Enfim, uma hype necessária: “Outros Jeitos de Usar a Boca”, de Rupi Kaur.

O livro de poesias “Outros Jeitos de Usar a Boca é, essencialmente, sobre a vida de uma mulher. A leveza intencional com que o eu lírico trata de temas tão pesados é surpreendente. Essa leveza, a propósito, fez com que eu equivocadamente interpretasse muitos dos poemas como óbvios e simples demais. Felizmente, no decorrer da obra, essa minha interpretação é completamente desconstruída uma vez que a intenção aqui é clara: passar de forma magistral como acontece cada fase da transição do eu-lírico feminino, portanto, a simplicidade demasiada de alguns versos acaba por ser, de certa forma, grande parte da beleza do livro.
O livro é dividido em quatro capítulos e cada um deles retrata uma fase diferente. A dor, o amor, a ruptura e a cura. Sendo assim, o primeiro relata a infância e seus traumas; o segundo, os primeiros contatos com o amor desde o materno ao romântico; o terceiro, sobre as decepções cuja força foi capaz de leva-la ao seu desconhecimento e ao mesmo tempo, ao processo de autoconhecimento. E, por fim, o quarto e último, cuja intenção é mostrar o que sobrou de todo esse caminho. O que sobrou, pasmem: força, empatia feminina e amor próprio.
É interessante, por outro lado, a forma que a obra retrata tão perfeitamente alguns contrastes que ocorrem no processo de amadurecimento e até mesmo de empoderamento feminino. Por exemplo, o modo que a rivalidade feminina se transforma em sororidade, suas fases de transformação, relações tóxicas que vão das mais rasas às mais intensas, entre outros casos.
Não sei por que, mas quando decidi iniciar a leitura deste livro, esperei algo pesado carregado de erotismo e fui surpreendida positivamente. Não que o erotismo seja algo ruim — e não que a obra não possua lá a sua pitada erótica — mas é tudo tão leve e delicado (até mesmo a dor e o trauma) que eu acabei sendo pega desprevenida e gostando bastante. O que parecia ser uma daquelas obras carregadas de desgraçamentos mentais, acabou se mostrando delicadíssima e, acreditem ou não, esse é o seu gigante ponto positivo — lembrando que o eu lírico propositalmente passa leveza ao descrever seus traumas, equilibrando o pesado e o leve magnificamente.

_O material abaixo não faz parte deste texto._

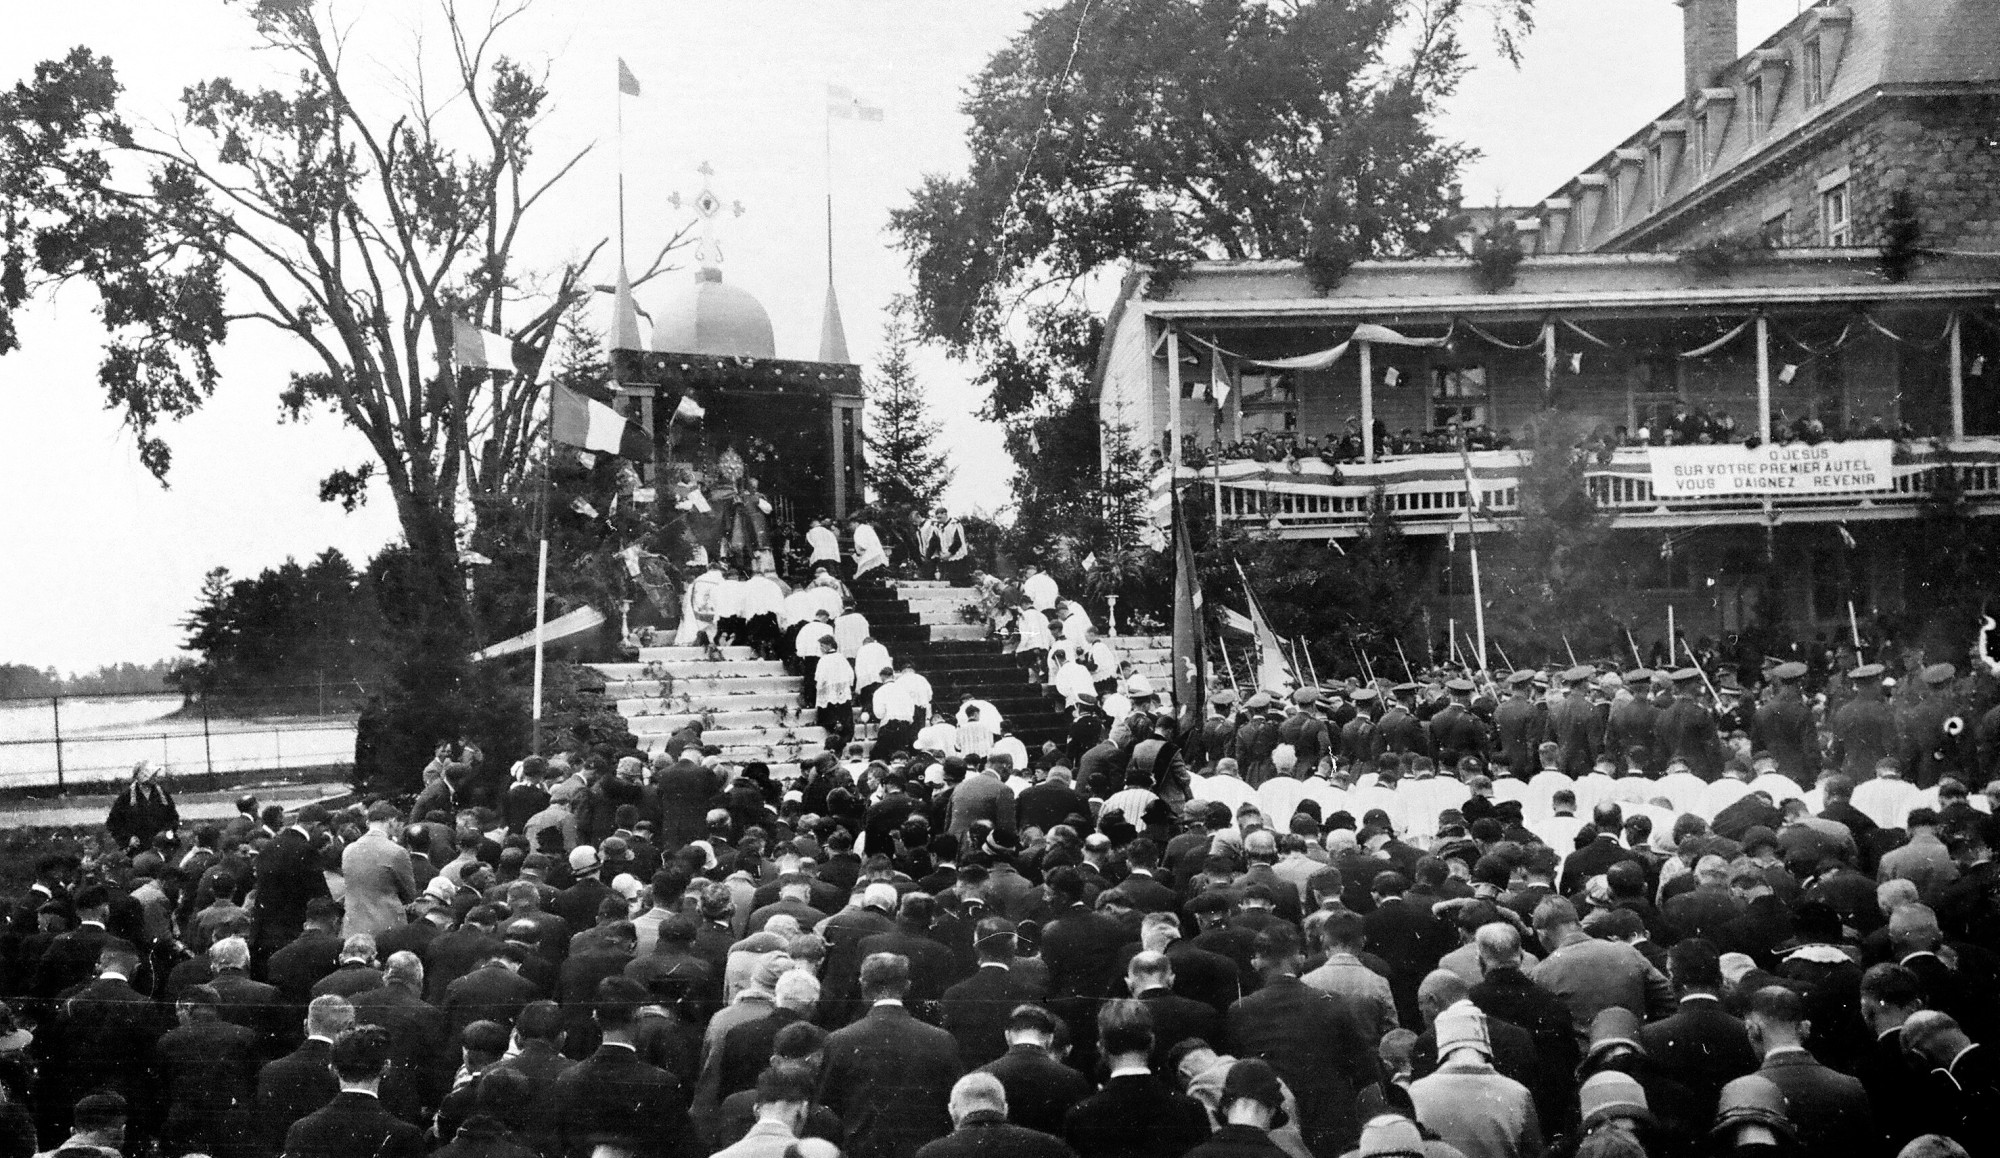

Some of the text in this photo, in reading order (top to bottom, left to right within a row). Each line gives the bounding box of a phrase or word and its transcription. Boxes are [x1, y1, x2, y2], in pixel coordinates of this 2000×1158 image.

[1769, 449, 1829, 461] O JESUS
[1674, 460, 1872, 476] SUR VOTRE PREMIER AUTEL
[1676, 474, 1875, 490] VOUS DAIGNEZ REVENIR

Um ponto positivo da obra é como ela pode ser bem recebida por garotas adolescentes e de como a sua leitura tem uma grande capacidade de se tornar uma luz no fim do túnel no que diz respeito aos obstáculos do caminho da transição da infância para adolescência e juventude e todos os sentimentos obtidos como consequência, além de também ser um consolo em tantos versos, um abraço, um aviso que diz: “você não está só”. Essa iluminação acontece exatamente pelo que eu considerei demasiado simples no início da leitura do livro, antes de notar a sua importância. A linguagem de fácil acesso, ademais, além de ter grande potencial para transformar garotas, também é capaz de cativar o leitor a ler mais poesias, posto que a preferência, geralmente dos mais jovens, é por romances — acredite, também me incluo nesse grupo.
Em síntese, a hype de “Outros Jeitos de Usar a Boca” é muito necessária, posto que sua leitura é muito mais que apenas recomendável a todas as mulheres, sobretudo na fase da adolescência. Acredito que a obra seja crucial no que diz respeito não só ao nosso autoconhecimento quanto mulheres, mas também à nossa conexão de empatia umas com as outras.